There are aspects of the world we cannot observe directly; there are structures we cannot access directly. Metaphors play a crucial part here in that they allow us to think about the unobservable aspects of the world. (1) They enable us to build models and theories that try to explain what cannot be observed directly. In an earlier blog, I used the solar system model of the atom as an example. Aldo remarked that “Analogies relying on mental constructs (rather than material conditions) reflect the horizon of our imagination, hence its limitations. Analogies always keep us within the comfort zone of the known.” However, the point here is precisely that we actually cannot escape the “horizon of our imagination” and hence our limitations. Asking to go beyond that horizon is asking the impossible.

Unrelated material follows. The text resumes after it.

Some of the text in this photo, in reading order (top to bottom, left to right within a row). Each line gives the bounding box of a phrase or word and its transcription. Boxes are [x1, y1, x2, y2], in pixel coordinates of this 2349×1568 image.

Metaphors as tools for making the world
This is where things get really interesting and also more controversial and more heated at the same time. Ultimately, when confronting metaphors as those elements that structure our world we also face very big and very challenging questions: What is real? What is the relationship between our ideas of the world and the world itself?

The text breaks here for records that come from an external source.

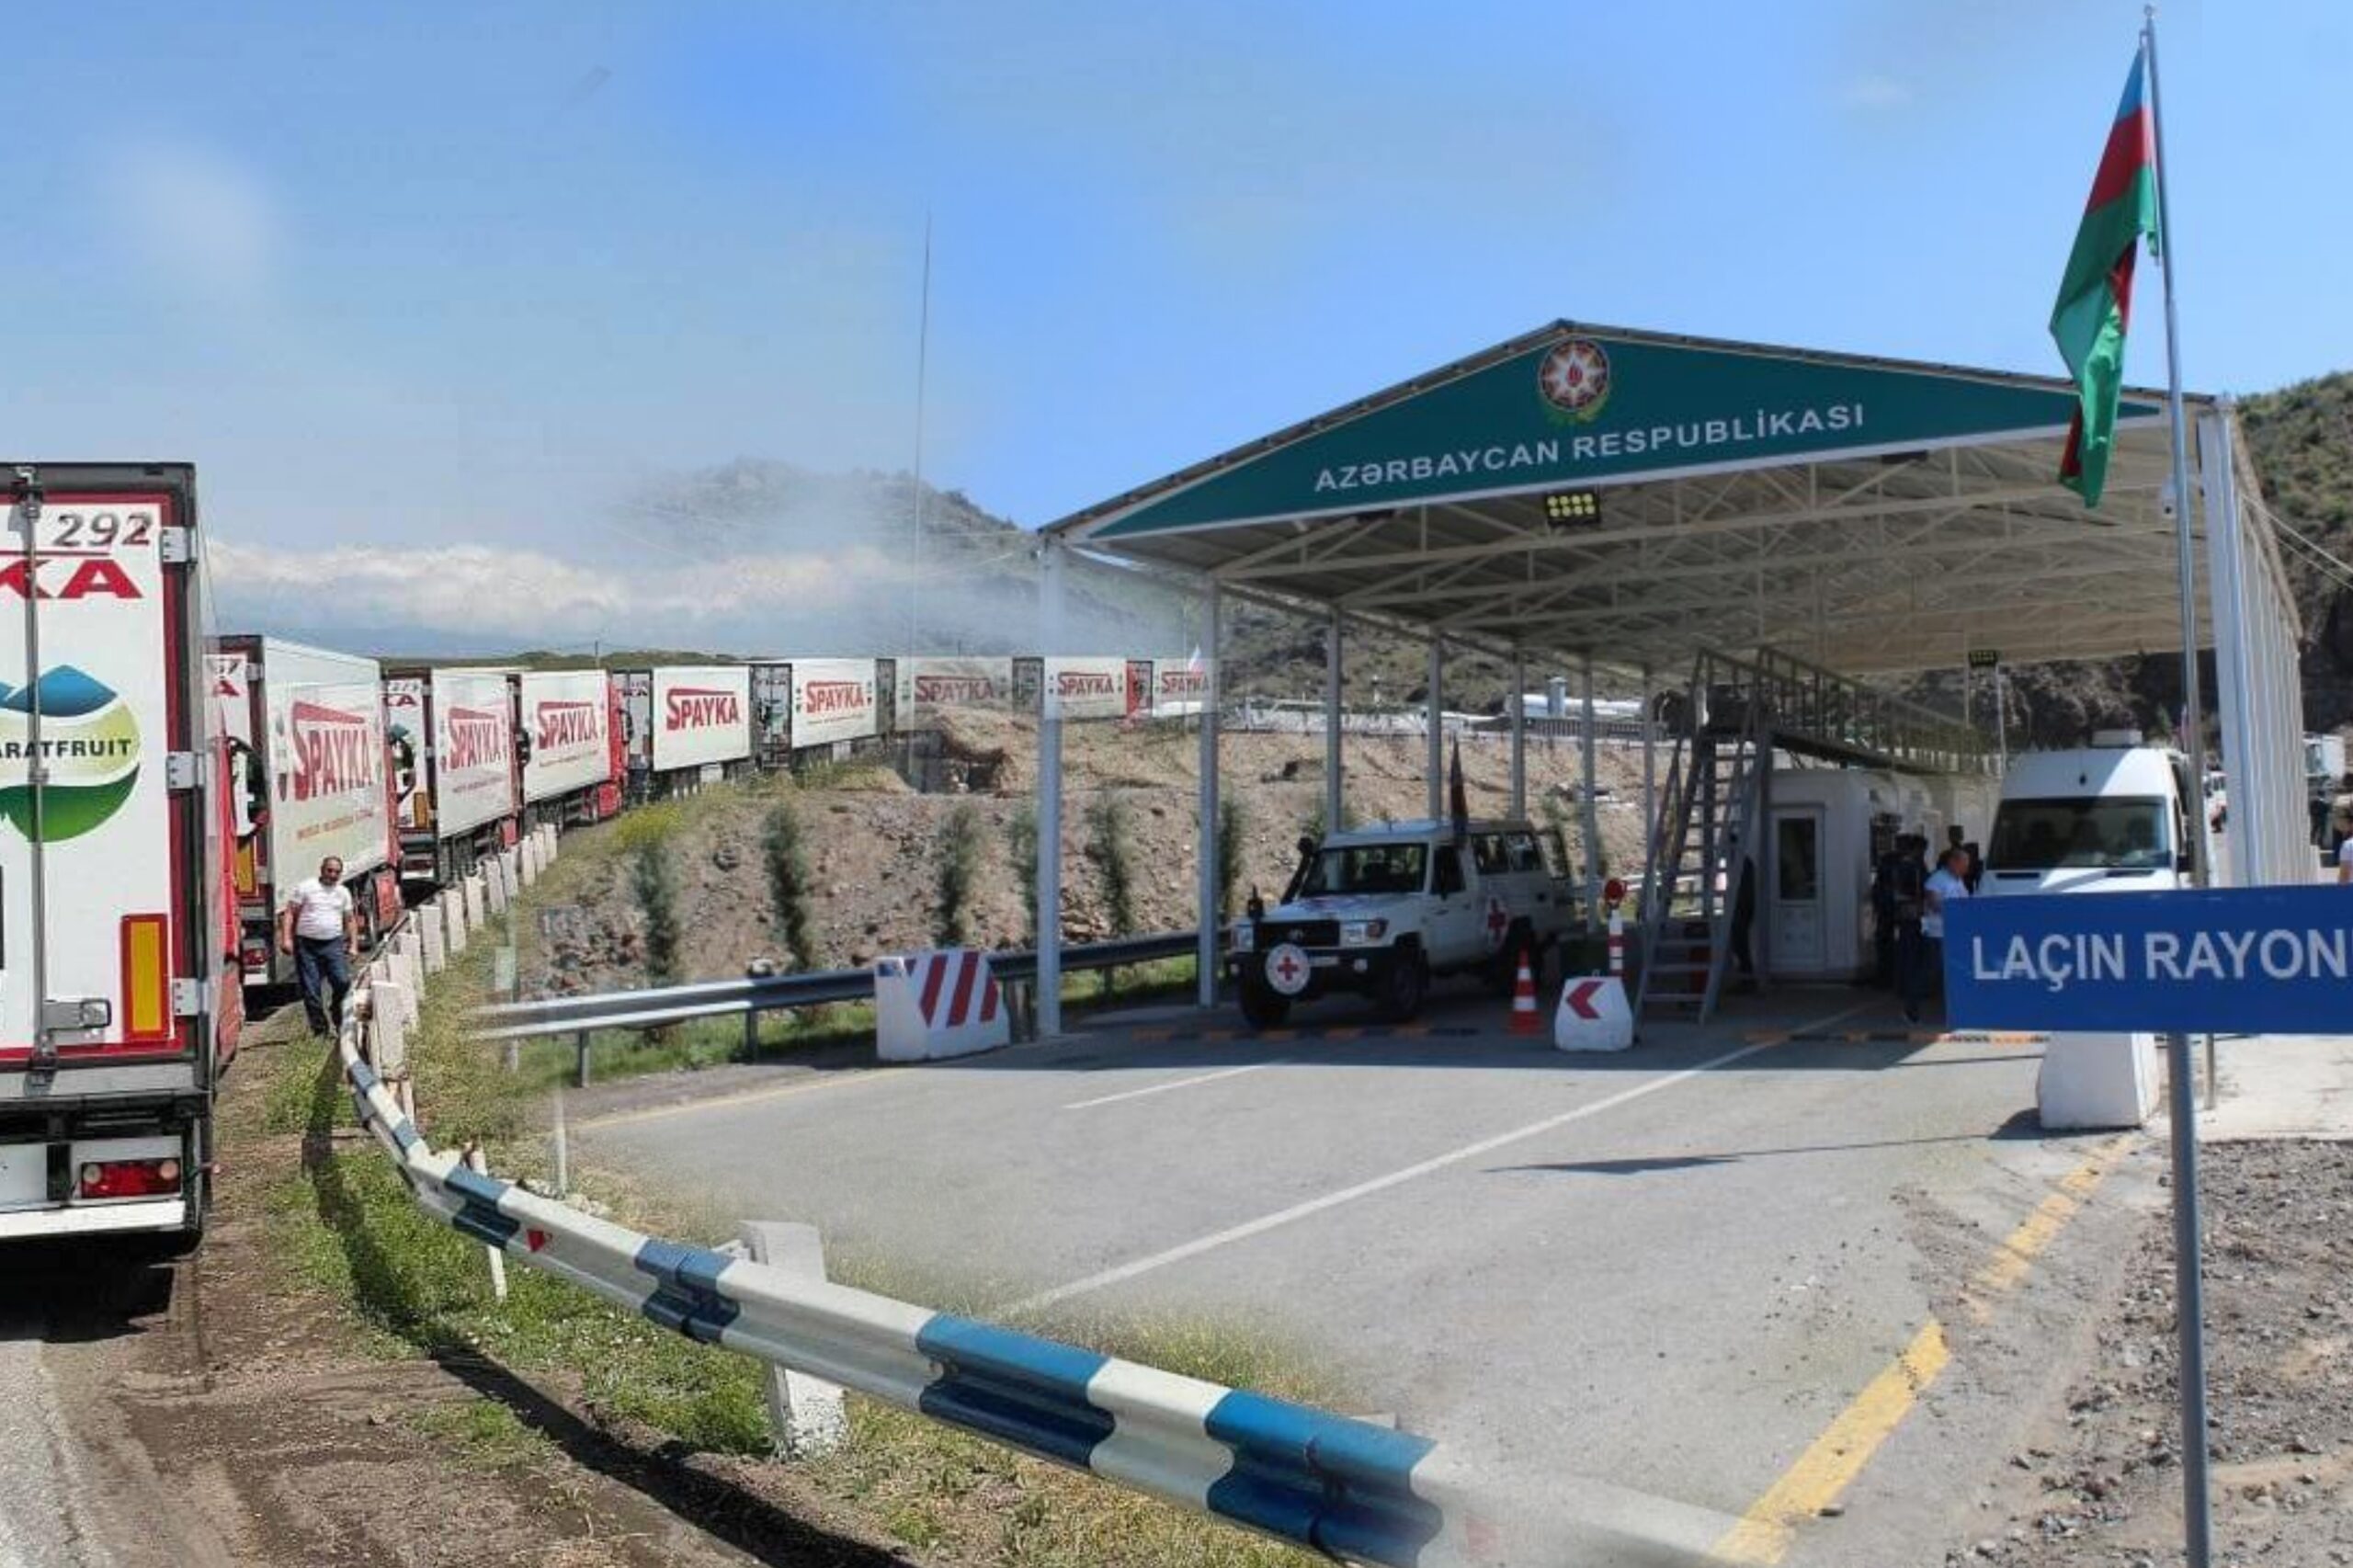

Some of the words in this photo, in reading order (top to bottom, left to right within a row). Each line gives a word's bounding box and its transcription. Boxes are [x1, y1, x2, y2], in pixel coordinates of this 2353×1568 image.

[1314, 439, 1560, 493] AZƏRBAYCAN
[1574, 403, 1865, 460] RESPUBLİKASI
[53, 513, 153, 547] 292
[806, 681, 864, 713] SPAYKA
[915, 676, 995, 702] SPAYKA
[1057, 672, 1114, 697] SPAYKA
[537, 701, 597, 750] SPAYKA
[666, 688, 739, 731] SPAYKA
[0, 739, 131, 759] RATFRUIT
[291, 701, 372, 801] SPAYKA
[448, 707, 502, 770] SPAYKA
[1972, 932, 2126, 993] LAÇIN

According to this third perspective, which might broadly be described as postmodern, the mental constructs we have about the world matter more than the material aspects of the world.
This third way of looking at metaphors aims at raising awareness of the possibility that “the reality” that seems to provide such a comfortable basis for knowing might be less “real” than we think. In another recent blog, I used Baudrillard’s point about how the postmodern condition is a situation in which the (mental) map takes precedent over “reality”. Especially in the area of international relations and diplomacy, this is a perspective we need to engage further.
Despite the intense reactions that this point might provoke such as Aldo’s remark that “(b)eing subjected to his (Baudrilliard’s) thoughts is worse than enduring psychological torture at Abu Graib!” it is a point worth confronting.
In a future post, I will connect these three perspectives on metaphors with the work of diplomats and aim at establishing a “user manual”.
(1) It ‘s useful to make a distinction between a pragmatist and a critical realist view. Both would fit my second category. The pragmatist maintains that we judge the knowledge we have about the world (for example through utilisation of a metaphor) by its usefulness, What matters is that the explanation we have established works for the purpose we are pursuing. As long as the metaphor fits the purpose and we do not have a better explanation, we stick with our current best explanation. For a critical realist, the metaphor is a tool for getting closer at the underlying structures of the world. From this perspective, reality not purpose matters. A metaphor is a tool for getting closer at the part of reality that is not directly observable. However, this does not mean that we could somehow compare our metaphor directly with “reality”. The current explanation holds as long as we haven’t found a better explanation for the object we are interested in. Note how neither perspective implies that we could somehow test or verify directly.